Wednesday, January 31
Faily News Stuff Edition
Top Story
- Good news: ChatGPT is not leaking private chat content between users.
Bad news: Your account got hacked. (Ars Technica)
ChatGPT has no option for two-factor authentication.
But if you're sharing confidential information with a chat bot you're an idiot in the first place.
Tech News
- Microsoft Edge stole my Chrome tabs. (The Verge)
Edge has a setting where it will automatically import all your data from Chrome. And that setting sometimes mysteriously turns itself on.
You can turn it off, but the option is hidden under a special URL that can only be accessed from within Edge.
Gee, thanks.
- Take off and nuke the entire site from orbit. (CNN)
On the Oleato menu are two drinks: An oat milk latte infused with the extra virgin olive oil; and a new toffeenut iced shaken espresso with golden foam, which is vanilla sweet cream infused with extra virgin olive oil into a cold foam.

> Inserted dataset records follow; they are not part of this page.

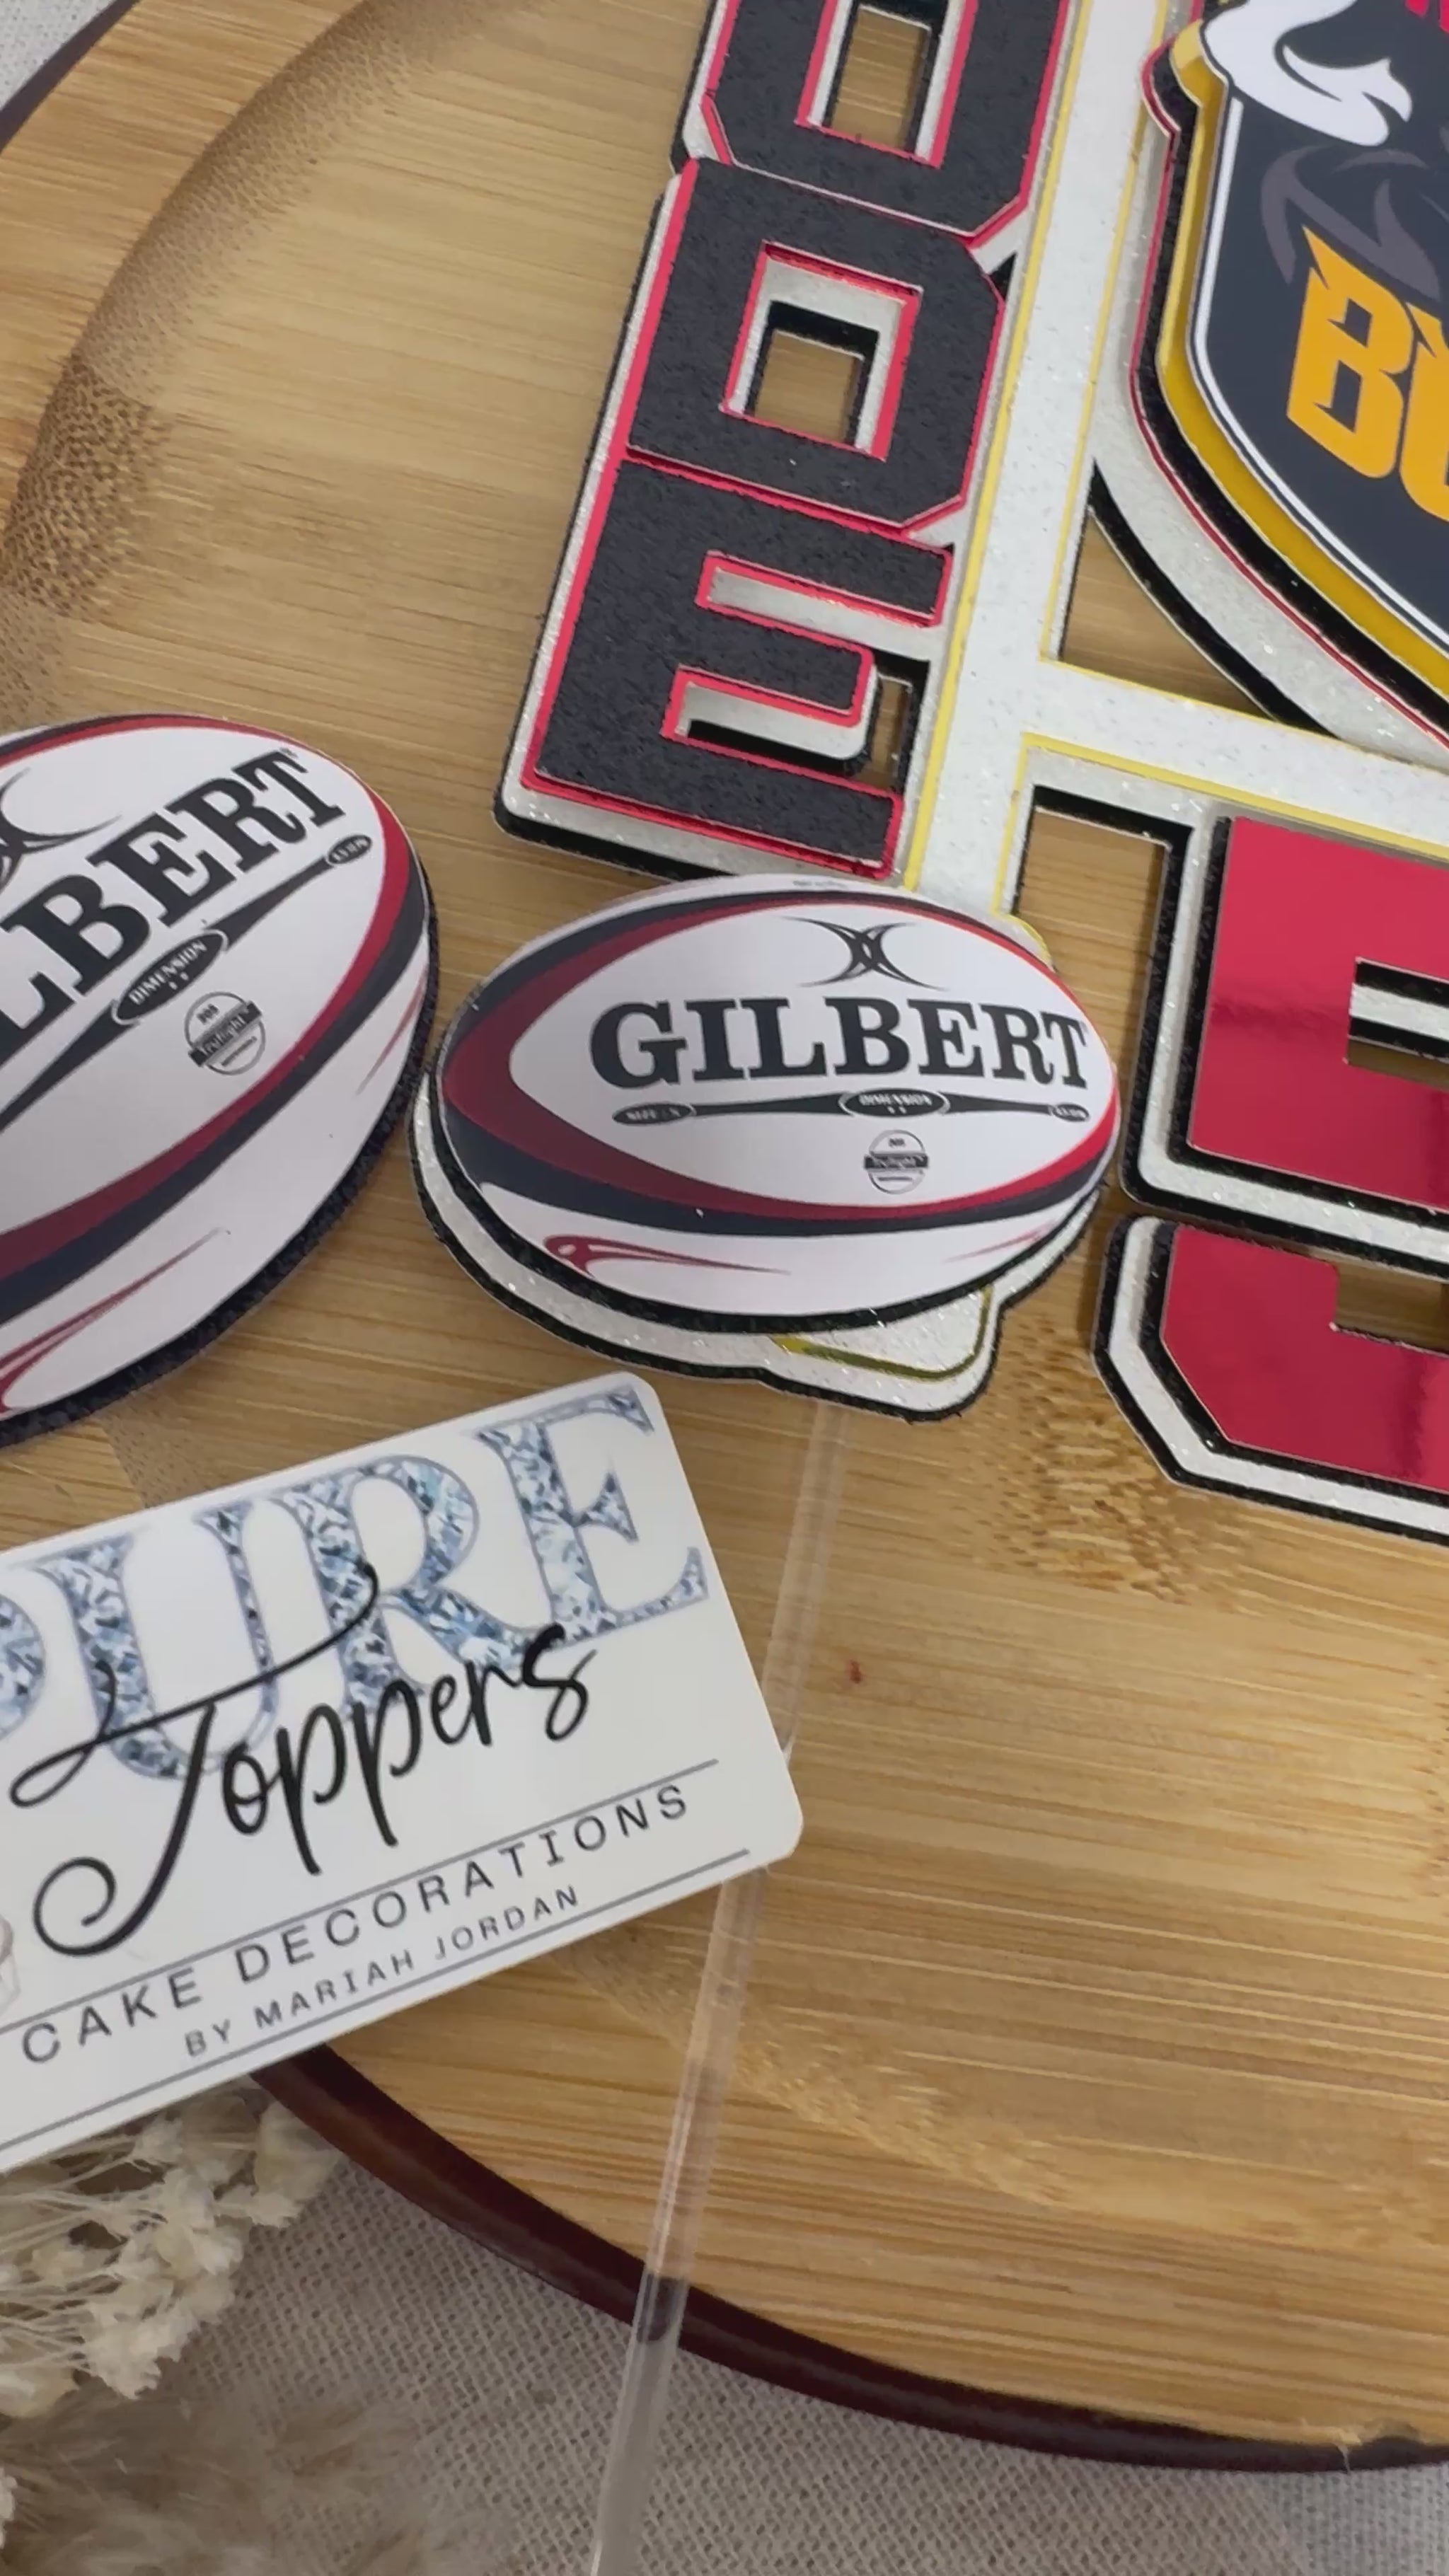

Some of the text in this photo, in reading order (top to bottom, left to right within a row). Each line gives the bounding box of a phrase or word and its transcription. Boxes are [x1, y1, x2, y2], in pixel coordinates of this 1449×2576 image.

[589, 995, 1090, 1089] GILBERT
[0, 1384, 708, 1779] URE
[10, 1562, 599, 1957] Toppers
[22, 1783, 688, 2064] CAKE DECORATIONS
[185, 1885, 580, 2057] BY MARIAH JORDAN

- There's a nasty local privilege escalation bug in multiple versions of Linux that I don't run. (Bleeping Computer)
It's a relief to see something like this pop up and then realise that the bug was introduced a year after your newest server was set up.
- Cory Doctorow has a solution to what he calls the "enshittification" of technology. (The Register)
The solution is communism.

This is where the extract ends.